Architecture, Engineering, Construction, and Operations (AECO). The industry that plans, builds, and manages buildings and infrastructure.
How Vellum & Razor Blades Came to Be
In 1989, I walked into my first Design Technology class at college in the north of England carrying a list of required tools, a scale ruler, pencils of varying hardness, a set of Rotring pens, vellum, and razor blades.
Most of the items made sense, but vellum was unfamiliar to me. And razor blades? That felt even stranger. Why would I need razor blades in a design class?
Vellum, I learned, is a translucent material once made from animal skin and valued for its durability and was used for centuries for manuscripts and archival records. In our class, we used a modern drafting version as the surface we drew on.

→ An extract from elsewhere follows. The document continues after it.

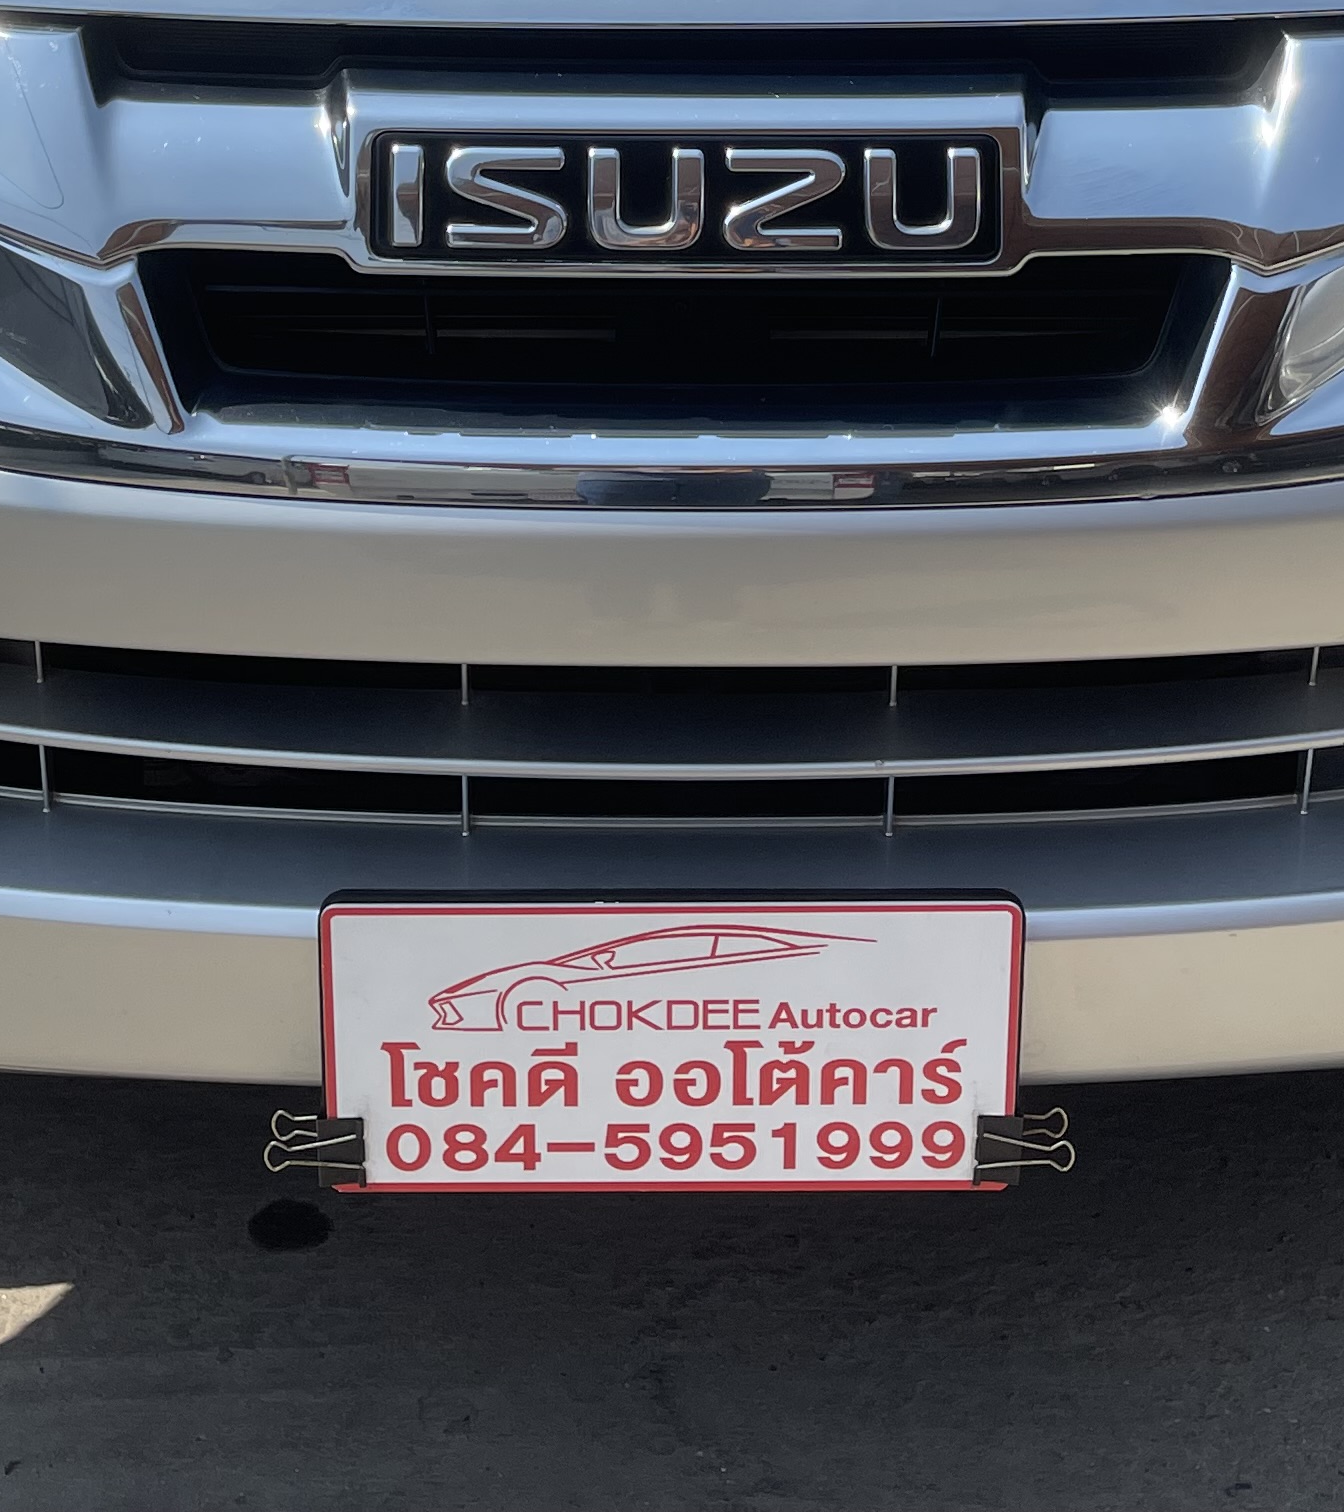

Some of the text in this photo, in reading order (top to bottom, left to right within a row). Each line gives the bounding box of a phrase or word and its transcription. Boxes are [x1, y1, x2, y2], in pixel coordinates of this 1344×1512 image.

[389, 144, 981, 251] ISUZU
[515, 998, 938, 1032] CHOKDEE Autocar
[380, 1038, 968, 1108] โชคดี ออโต้คาร์
[385, 1120, 967, 1172] 084-5951999

The razor blades were our erasers. You would carefully scratch the ink from the surface, a process known as scratching out then use the back of your thumb to rub a little oil from the side of your nose back onto the vellum to seal it, and then re-ink the design. The oil stopped the fresh ink from running. It was precise, tactile work.

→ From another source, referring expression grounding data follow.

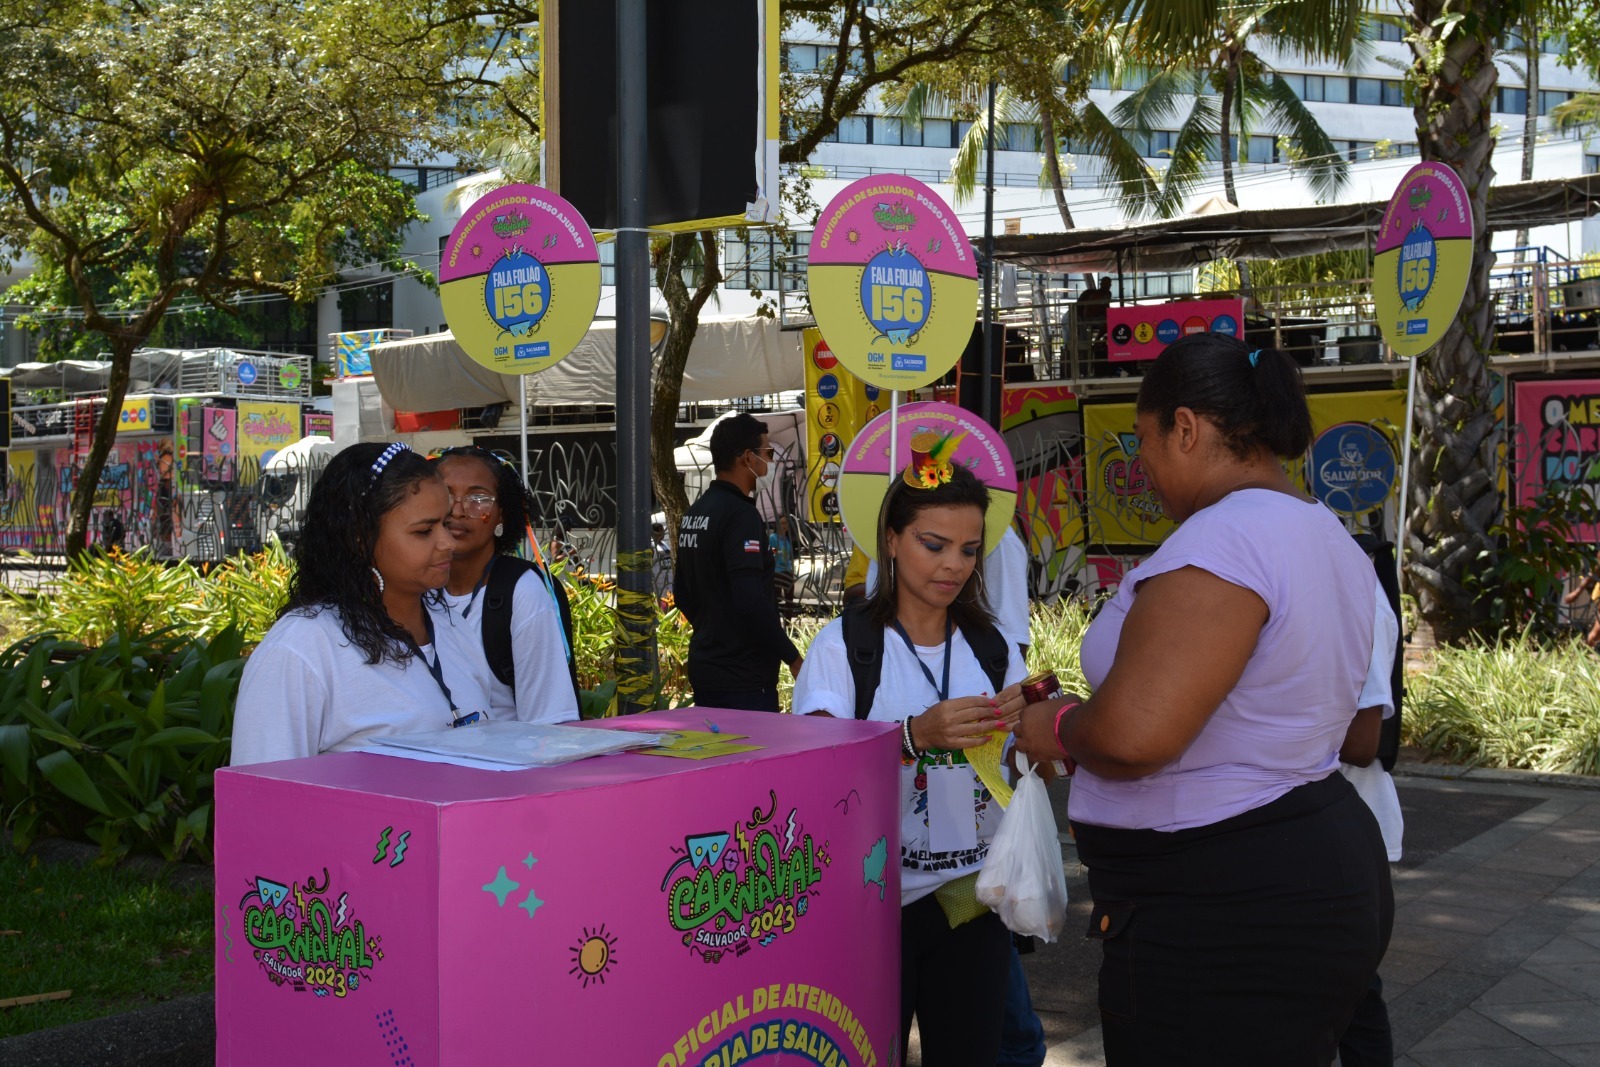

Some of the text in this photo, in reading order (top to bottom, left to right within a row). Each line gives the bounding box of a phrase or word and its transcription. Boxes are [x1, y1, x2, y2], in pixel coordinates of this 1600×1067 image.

[449, 219, 477, 268] OUVIDORIA
[475, 211, 487, 221] DE
[530, 197, 558, 215] POSSO
[556, 212, 585, 249] AJUDAR?
[820, 198, 855, 249] OUVIDORIA
[854, 192, 867, 203] DE
[916, 193, 943, 219] POSSO
[941, 217, 966, 262] AJUDAR?
[493, 265, 541, 288] FALA FOLIÃO
[871, 266, 923, 288] FALA FOLIÃO
[1400, 258, 1431, 293] 156
[494, 283, 543, 320] 156
[871, 284, 924, 323] 156
[494, 345, 509, 356] OGM
[525, 345, 547, 353] SALVADOR
[867, 352, 884, 362] OGM
[1545, 399, 1564, 426] O
[856, 422, 891, 461] OUVIDORI
[957, 418, 985, 441] POSSO
[982, 439, 1006, 477] AJUDAR?
[1545, 427, 1600, 452] CAR
[1323, 470, 1382, 482] SALVADOR
[1546, 455, 1581, 481] DO
[1131, 497, 1164, 514] SALVA
[668, 829, 822, 932] CARNAVAL
[923, 858, 958, 871] MUNDO
[244, 897, 374, 970] CARNAVAL
[696, 901, 796, 947] SALVADOR 2023
[263, 952, 347, 998] SALVADOR 2023
[657, 983, 878, 1067] OFICIAL DE ATENDIMENT
[703, 1023, 848, 1067] RIA DE SALVA

That list of tools stayed with me. Not only for what it contained, but for what it stood for: precision, craft, and the quiet responsibility of making something you could stand behind. More than three decades later, when the time came to name this business, I recognised both where I had started and how far the tools had travelled. Drawing boards gave way to CAD, then BIM, and now the navigation of AI. Each shift asked more of the people doing the work, and I learned that standing still was never really an option. You either adapt with intention or get bypassed by change. V&RB carries that name because it honours the discipline that shaped me, while pointing toward a way of working that asks all of us to be sharper, clearer, and more deliberate in what we build.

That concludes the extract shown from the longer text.